Transcribe the records that follow exactly. Skip the pictures.

--- START ---

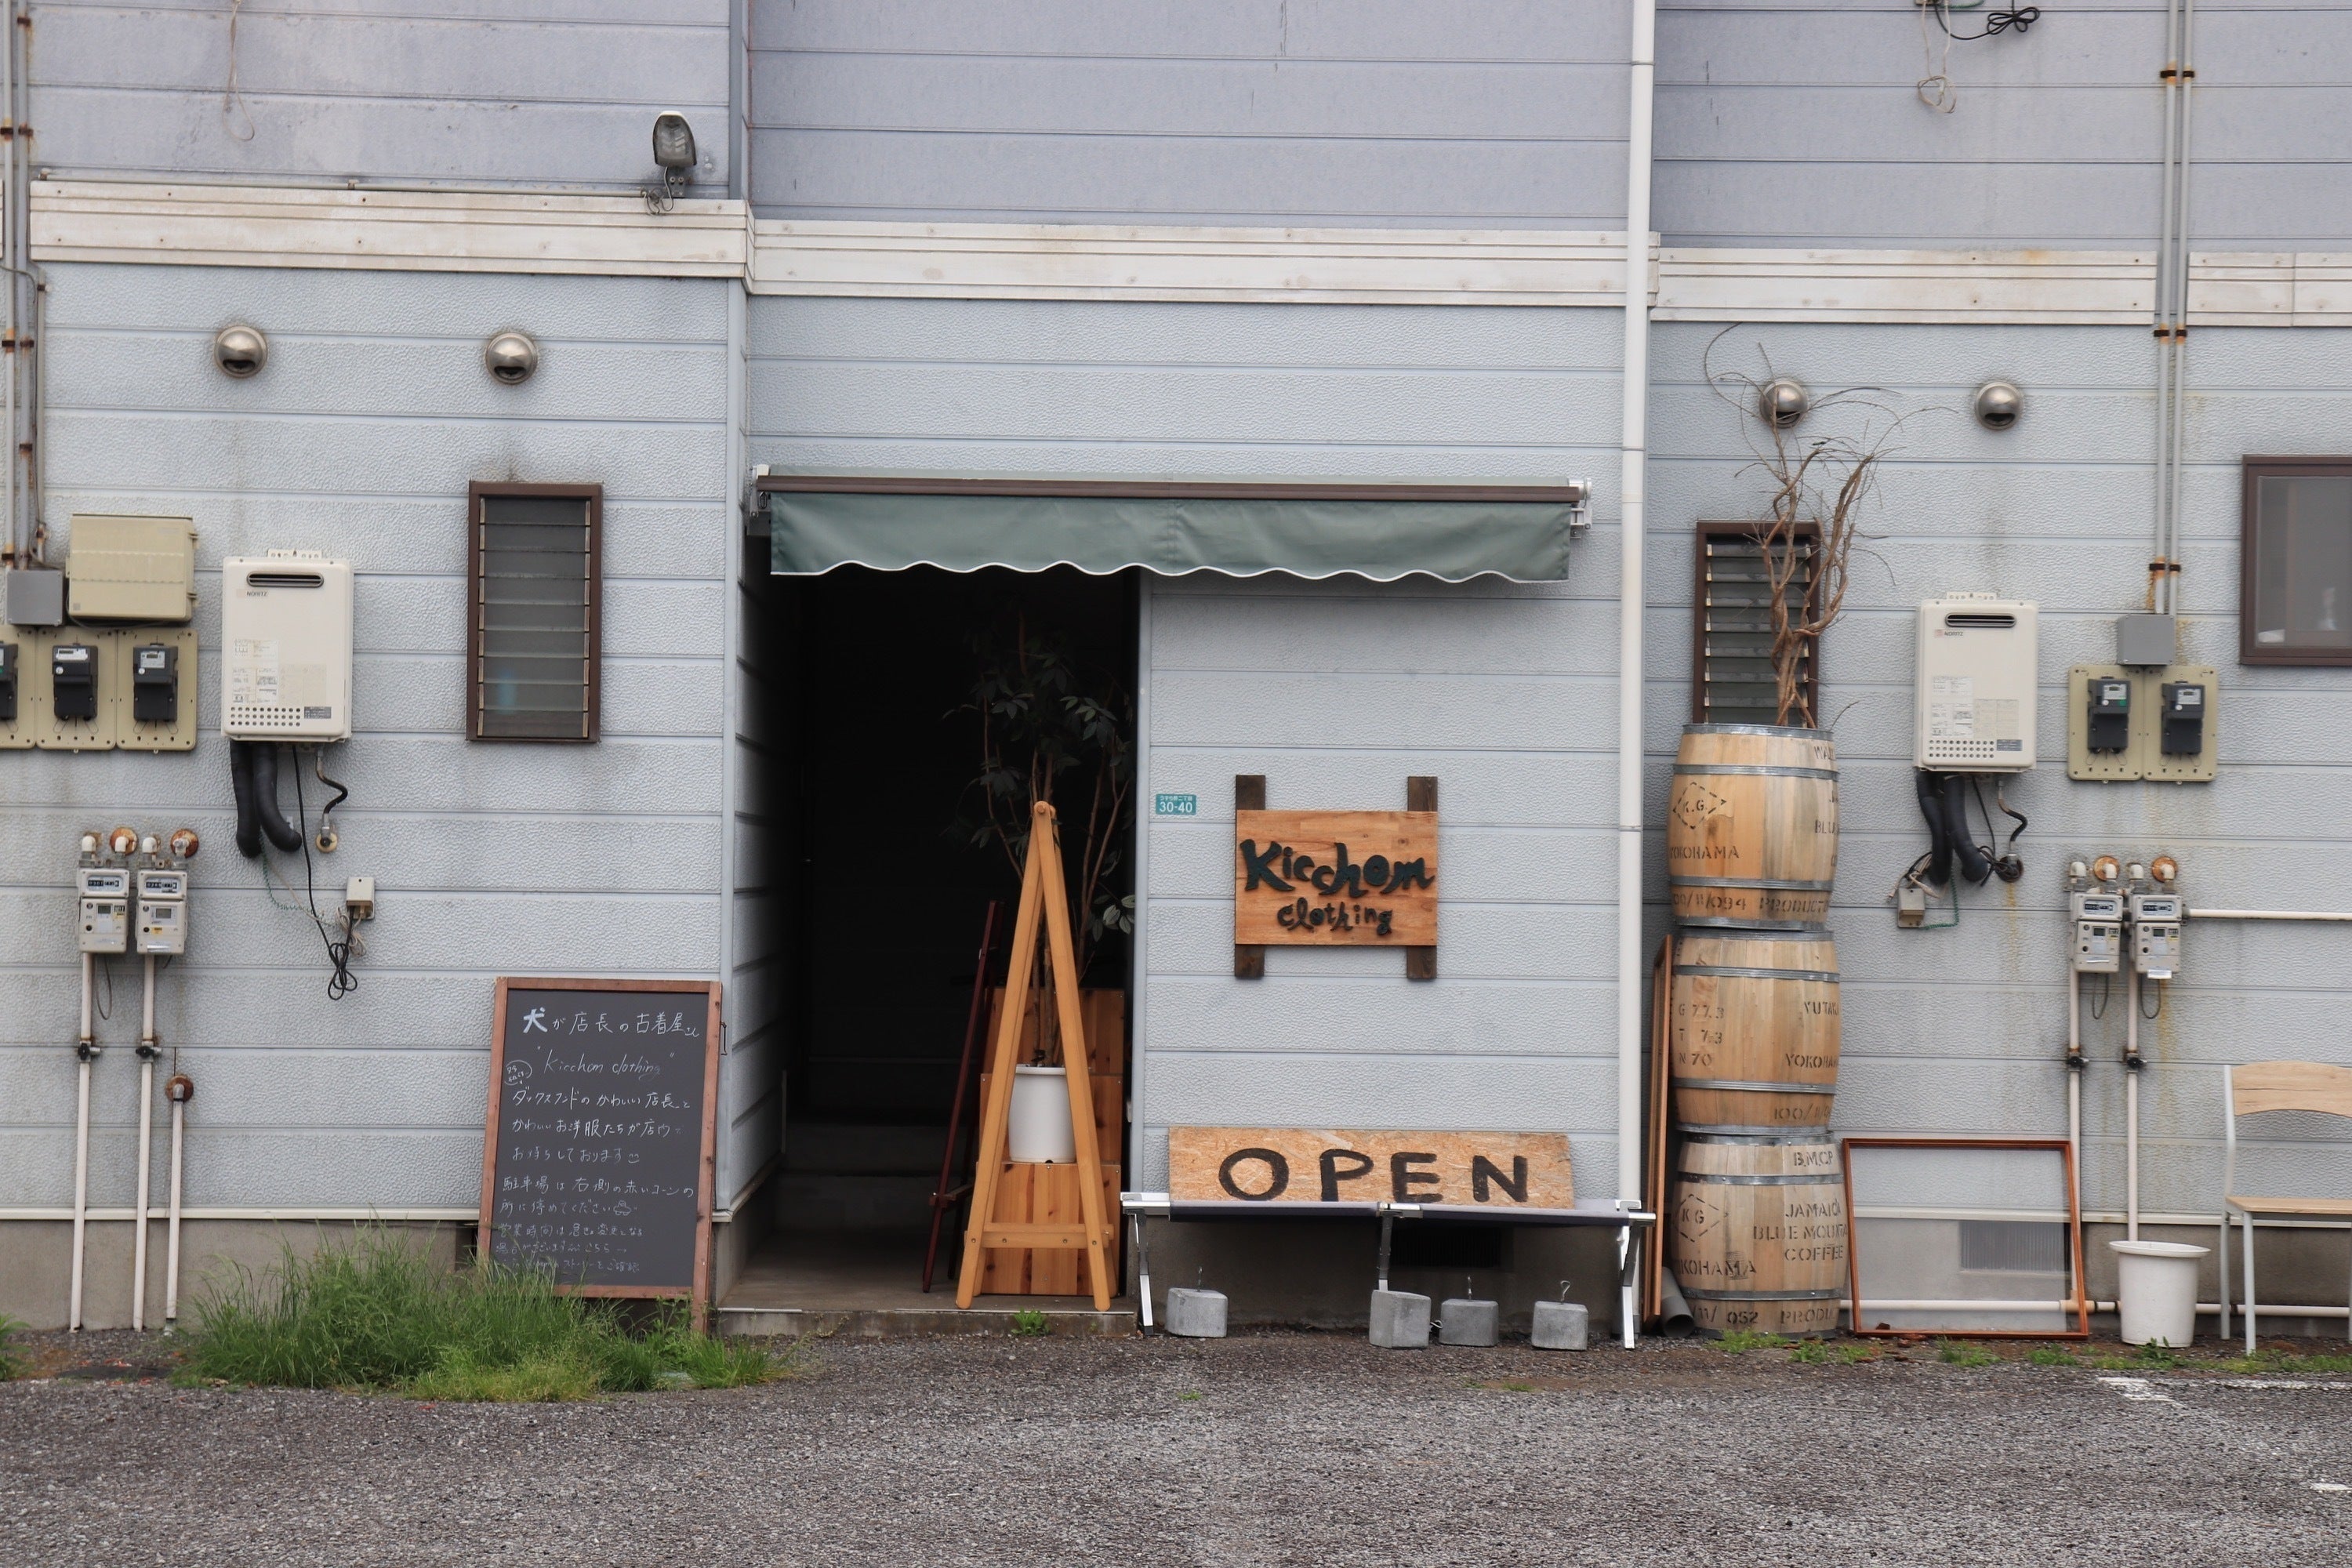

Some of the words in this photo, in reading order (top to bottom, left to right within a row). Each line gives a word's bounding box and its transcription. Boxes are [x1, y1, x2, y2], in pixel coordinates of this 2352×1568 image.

[1160, 801, 1192, 812] 30-40
[1240, 839, 1436, 898] Kicchom
[1277, 898, 1392, 935] clothing
[1679, 1004, 1685, 1016] G
[523, 1007, 699, 1038] 犬が店長の古着屋さん
[1691, 1054, 1712, 1066] 70
[1219, 1148, 1528, 1203] OPEN
[1753, 1225, 1798, 1240] BLUE
[1784, 1245, 1843, 1261] COFFEE
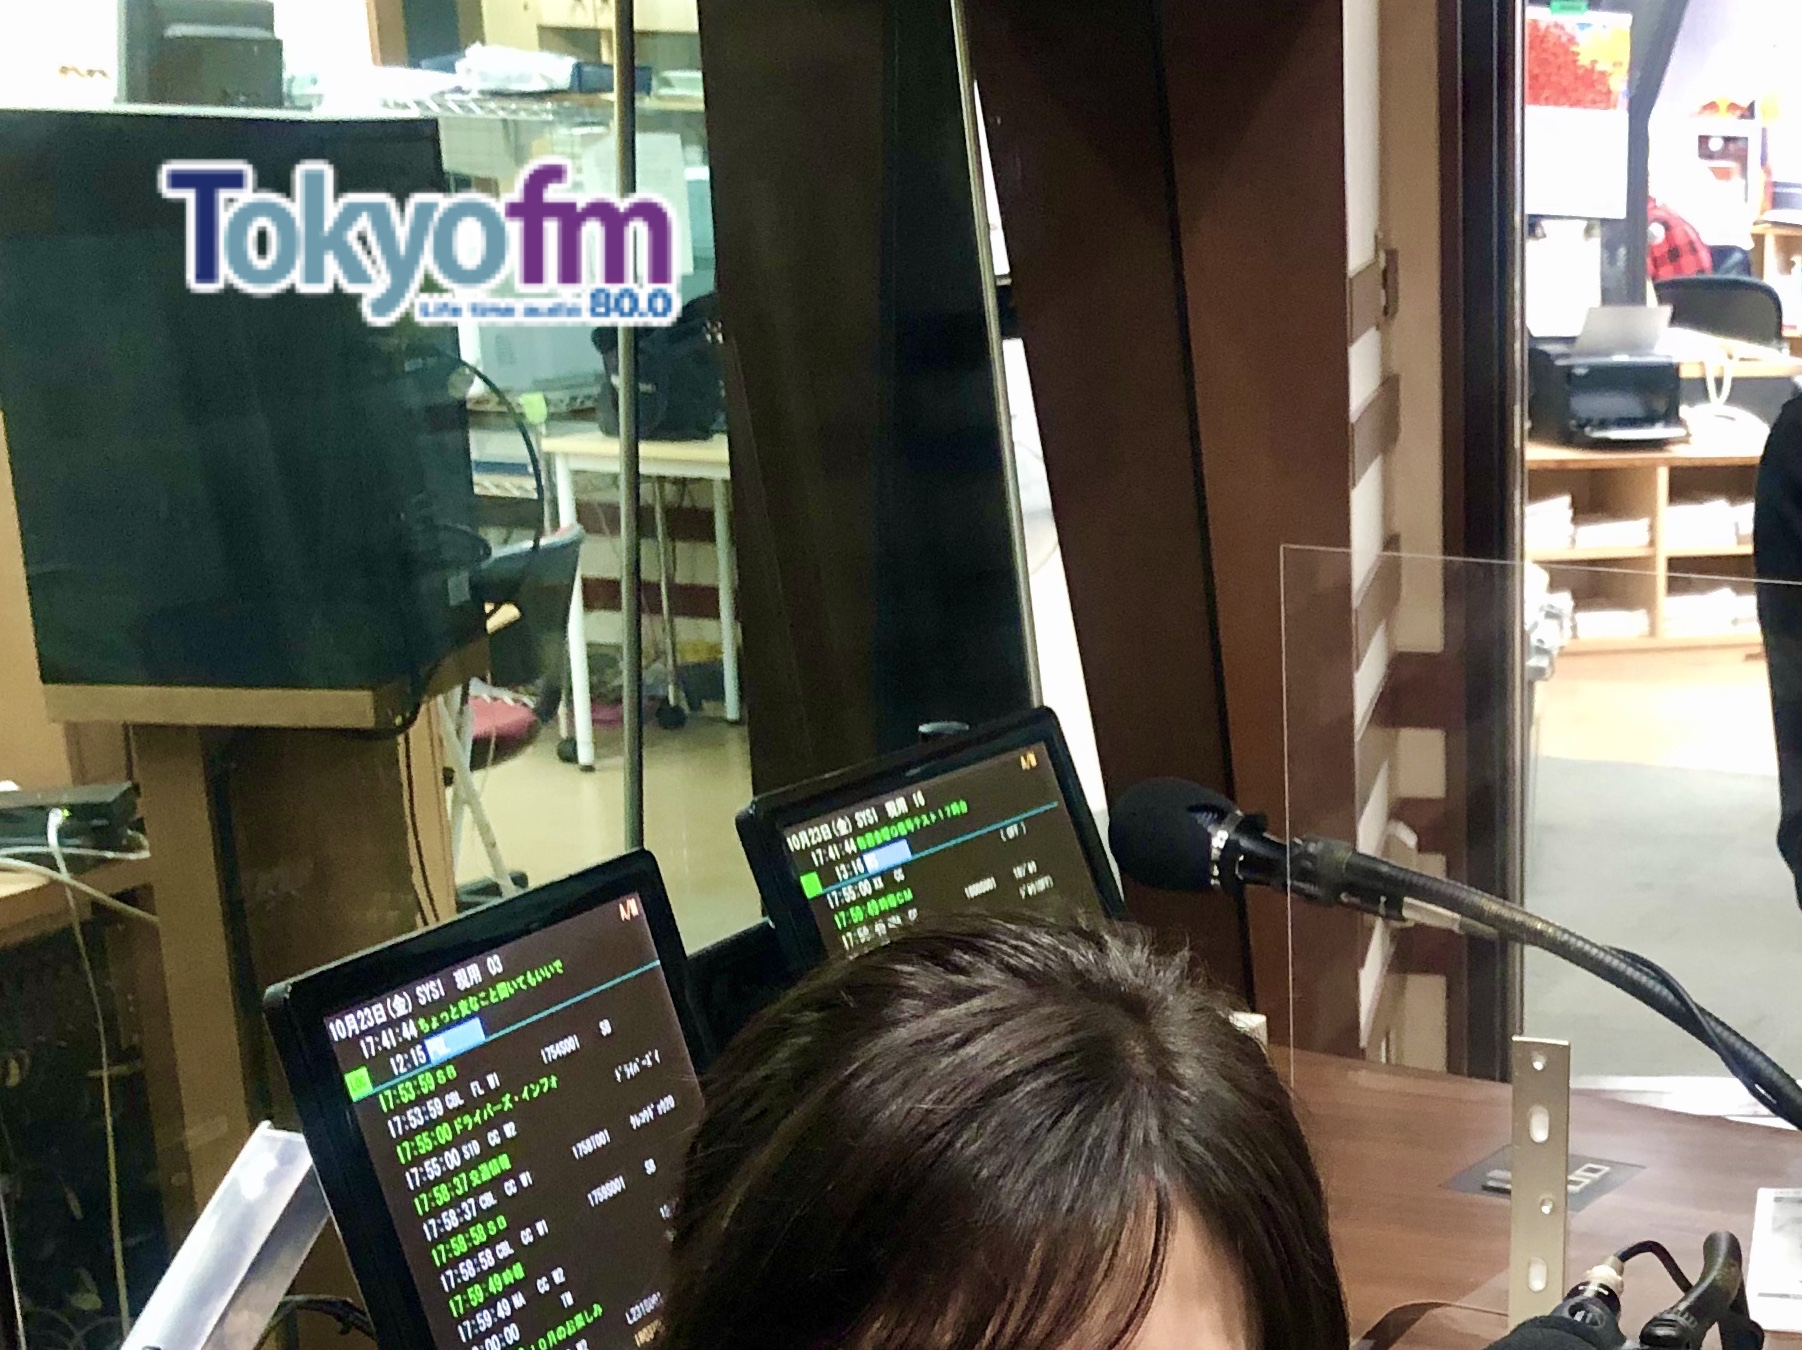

--- END ---

◆ Response to this exercise:
Some of the words in this photo, in reading order (top to bottom, left to right within a row). Each line gives a word's bounding box and its transcription. Boxes are [x1, y1, x2, y2], in pixel coordinates of this 2352×1568 image.

[1160, 801, 1192, 812] 30-40
[1240, 839, 1436, 898] Kicchom
[1277, 898, 1392, 935] clothing
[1679, 1004, 1685, 1016] G
[523, 1007, 699, 1038] 犬が店長の古着屋さん
[1691, 1054, 1712, 1066] 70
[1219, 1148, 1528, 1203] OPEN
[1753, 1225, 1798, 1240] BLUE
[1784, 1245, 1843, 1261] COFFEE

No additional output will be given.